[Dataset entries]
_____
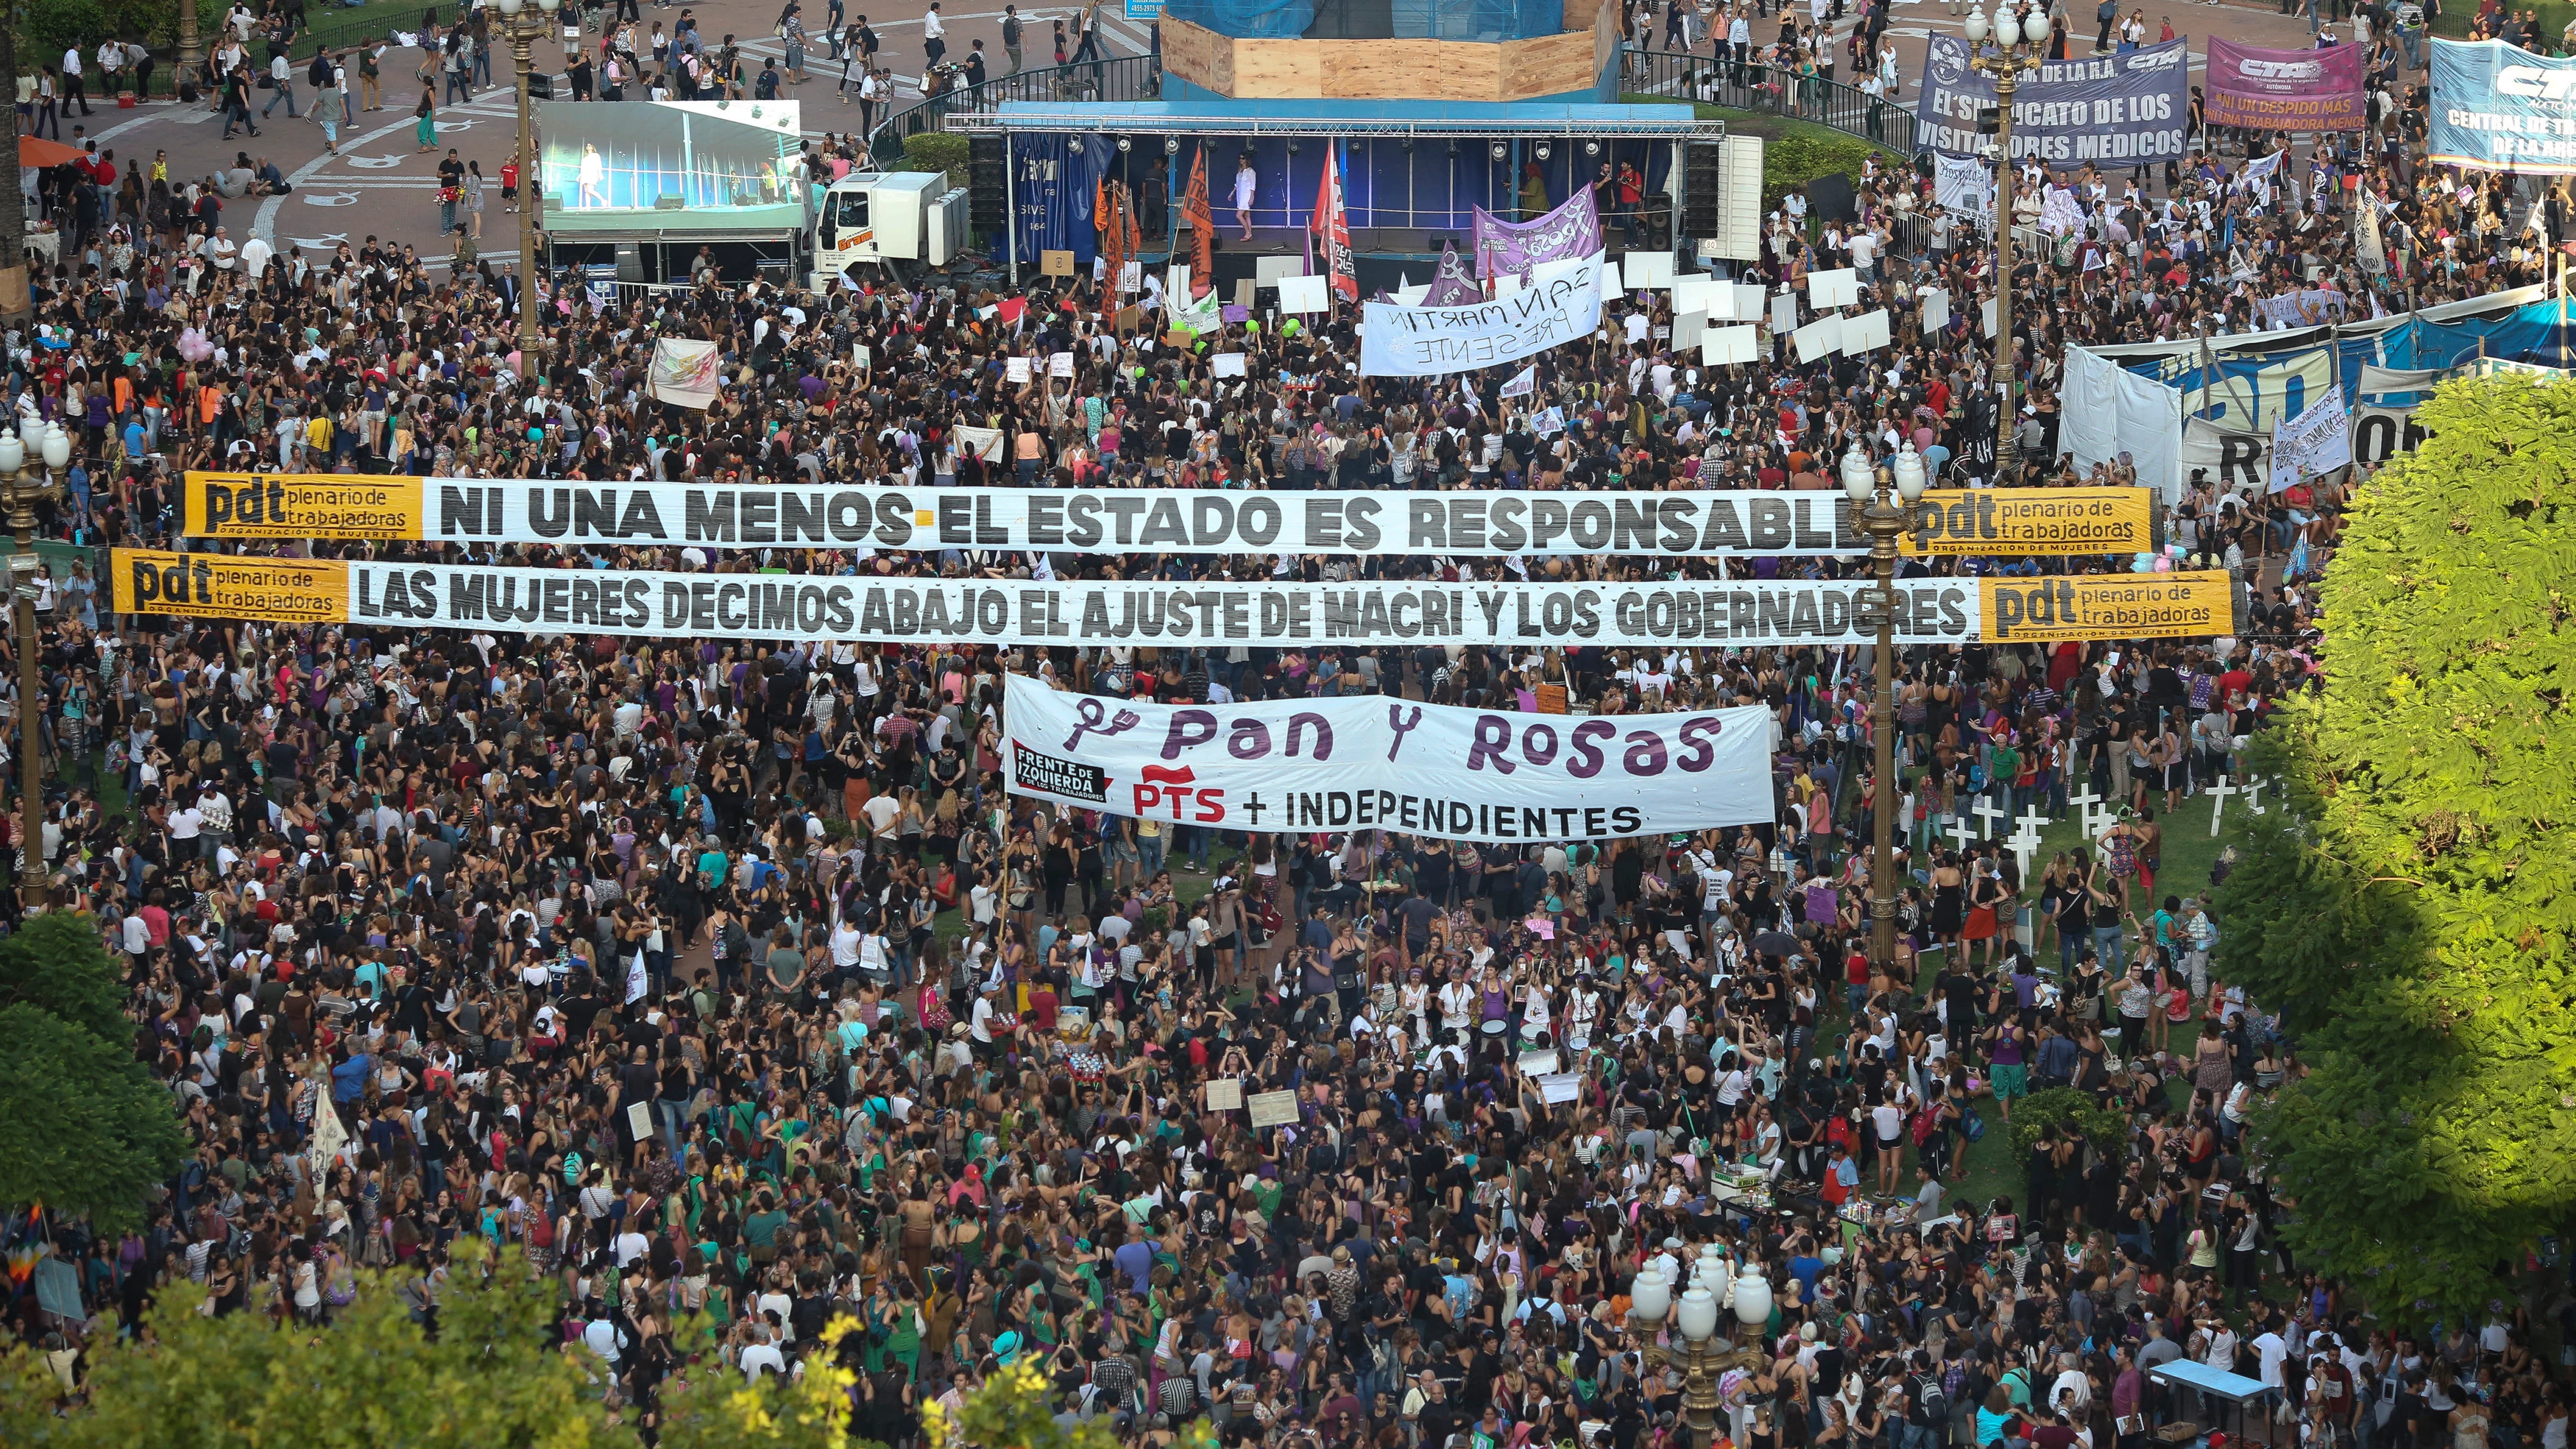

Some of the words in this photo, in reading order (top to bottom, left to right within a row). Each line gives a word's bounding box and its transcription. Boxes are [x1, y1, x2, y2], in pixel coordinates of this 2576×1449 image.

[2042, 64, 2062, 82] DE
[2067, 63, 2087, 82] LA
[2090, 59, 2119, 79] R.A.
[2239, 58, 2308, 78] CTA
[1933, 87, 1953, 116] EL
[2094, 99, 2124, 124] DE
[2129, 93, 2172, 123] LOS
[2215, 93, 2235, 109] #NI
[2237, 97, 2257, 111] UN
[2258, 100, 2319, 115] DESPIDO
[2321, 96, 2352, 115] MÁS
[2220, 110, 2241, 126] UNA
[2243, 115, 2325, 131] TRABAJADORA
[2327, 115, 2366, 131] MENOS
[2447, 110, 2524, 132] CENTRAL
[2527, 116, 2550, 134] DE
[2076, 129, 2183, 159] MEDICOS
[2493, 137, 2514, 155] DE
[2522, 138, 2539, 156] LA
[205, 477, 286, 534] pdt
[288, 486, 363, 510] plenario
[365, 488, 387, 506] de
[287, 509, 406, 528] trabajadoras
[441, 486, 504, 536] NI
[528, 487, 668, 539] UNA
[684, 490, 914, 548] MENOS
[938, 494, 1009, 545] EL
[1027, 495, 1282, 548] ESTADO
[1305, 496, 1382, 550] ES
[1915, 492, 1998, 551] pdt
[2001, 500, 2088, 519] plenario
[2090, 500, 2114, 517] de
[220, 526, 311, 536] ORGANIZACION
[315, 529, 330, 537] DE
[336, 530, 397, 539] MUJERES
[2002, 520, 2134, 540] trabajadoras
[1933, 545, 2028, 553] ORGANIZACION
[2050, 543, 2109, 552] MUJERES
[132, 555, 213, 611] pdt
[216, 570, 289, 589] plenario
[291, 572, 313, 588] de
[216, 589, 333, 611] trabajadoras
[358, 568, 438, 620] LAS
[449, 573, 651, 629] MUJERES
[662, 581, 855, 634] DECIMOS
[860, 587, 1008, 638] ABAJO
[1019, 589, 1070, 637] EL
[1080, 589, 1250, 639] AJUSTE
[1260, 591, 1312, 638] DE
[1324, 589, 1462, 639] MACRI
[1474, 590, 1509, 637] Y
[1517, 589, 1603, 639] LOS
[1995, 578, 2077, 638] pdt
[2081, 587, 2162, 606] plenario
[2168, 585, 2192, 602] de
[149, 606, 238, 617] ORGANIZACION
[265, 612, 322, 622] MUJERES
[2082, 605, 2211, 625] trabajadoras
[2014, 630, 2108, 640] ORGANIZACION
[2131, 628, 2190, 637] MUJERES
[1160, 709, 1334, 762] Pan
[1017, 748, 1077, 776] FRENTE
[1079, 768, 1093, 779] DE
[1017, 762, 1094, 793] IZQUIERDA
[1036, 781, 1048, 790] LOS
[1050, 784, 1104, 801] TRABAJADORES
[1133, 783, 1225, 823] PTS
[1287, 788, 1642, 837] INDEPENDIENTES
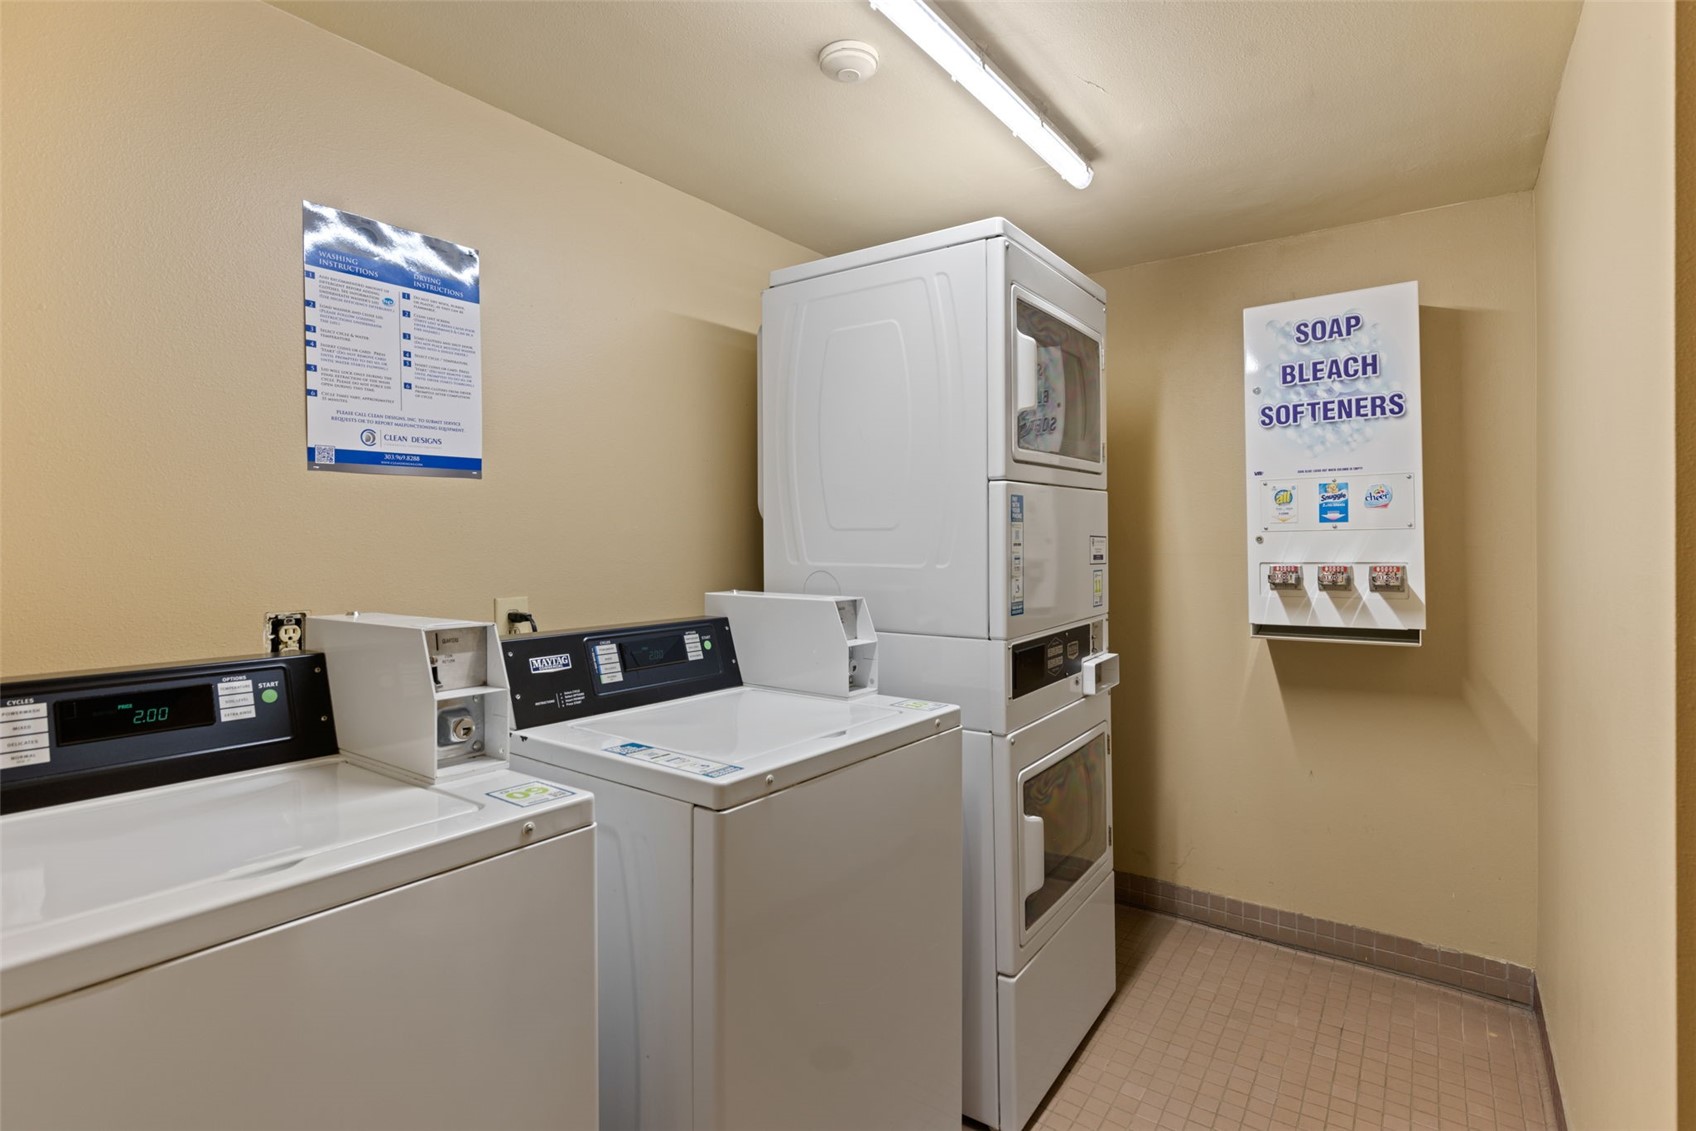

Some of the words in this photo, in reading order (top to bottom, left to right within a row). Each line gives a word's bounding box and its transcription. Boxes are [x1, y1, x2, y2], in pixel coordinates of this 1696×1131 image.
_____
Output the entries exactly and keep every picture out of them.

Some of the words in this photo, in reading order (top to bottom, left to right within a row). Each line gives a word's bounding box and its transcription. Boxes are [x1, y1, x2, y2], in pixel coordinates of this 2576×1449 image.

[2042, 64, 2062, 82] DE
[2067, 63, 2087, 82] LA
[2090, 59, 2119, 79] R.A.
[2239, 58, 2308, 78] CTA
[1933, 87, 1953, 116] EL
[2094, 99, 2124, 124] DE
[2129, 93, 2172, 123] LOS
[2215, 93, 2235, 109] #NI
[2237, 97, 2257, 111] UN
[2258, 100, 2319, 115] DESPIDO
[2321, 96, 2352, 115] MÁS
[2220, 110, 2241, 126] UNA
[2243, 115, 2325, 131] TRABAJADORA
[2327, 115, 2366, 131] MENOS
[2447, 110, 2524, 132] CENTRAL
[2527, 116, 2550, 134] DE
[2076, 129, 2183, 159] MEDICOS
[2493, 137, 2514, 155] DE
[2522, 138, 2539, 156] LA
[205, 477, 286, 534] pdt
[288, 486, 363, 510] plenario
[365, 488, 387, 506] de
[287, 509, 406, 528] trabajadoras
[441, 486, 504, 536] NI
[528, 487, 668, 539] UNA
[684, 490, 914, 548] MENOS
[938, 494, 1009, 545] EL
[1027, 495, 1282, 548] ESTADO
[1305, 496, 1382, 550] ES
[1915, 492, 1998, 551] pdt
[2001, 500, 2088, 519] plenario
[2090, 500, 2114, 517] de
[220, 526, 311, 536] ORGANIZACION
[315, 529, 330, 537] DE
[336, 530, 397, 539] MUJERES
[2002, 520, 2134, 540] trabajadoras
[1933, 545, 2028, 553] ORGANIZACION
[2050, 543, 2109, 552] MUJERES
[132, 555, 213, 611] pdt
[216, 570, 289, 589] plenario
[291, 572, 313, 588] de
[216, 589, 333, 611] trabajadoras
[358, 568, 438, 620] LAS
[449, 573, 651, 629] MUJERES
[662, 581, 855, 634] DECIMOS
[860, 587, 1008, 638] ABAJO
[1019, 589, 1070, 637] EL
[1080, 589, 1250, 639] AJUSTE
[1260, 591, 1312, 638] DE
[1324, 589, 1462, 639] MACRI
[1474, 590, 1509, 637] Y
[1517, 589, 1603, 639] LOS
[1995, 578, 2077, 638] pdt
[2081, 587, 2162, 606] plenario
[2168, 585, 2192, 602] de
[149, 606, 238, 617] ORGANIZACION
[265, 612, 322, 622] MUJERES
[2082, 605, 2211, 625] trabajadoras
[2014, 630, 2108, 640] ORGANIZACION
[2131, 628, 2190, 637] MUJERES
[1160, 709, 1334, 762] Pan
[1017, 748, 1077, 776] FRENTE
[1079, 768, 1093, 779] DE
[1017, 762, 1094, 793] IZQUIERDA
[1036, 781, 1048, 790] LOS
[1050, 784, 1104, 801] TRABAJADORES
[1133, 783, 1225, 823] PTS
[1287, 788, 1642, 837] INDEPENDIENTES

Some of the words in this photo, in reading order (top to bottom, left to right within a row). Each line gives a word's bounding box and its transcription. Boxes are [x1, y1, x2, y2], in pixel coordinates of this 1696×1131 image.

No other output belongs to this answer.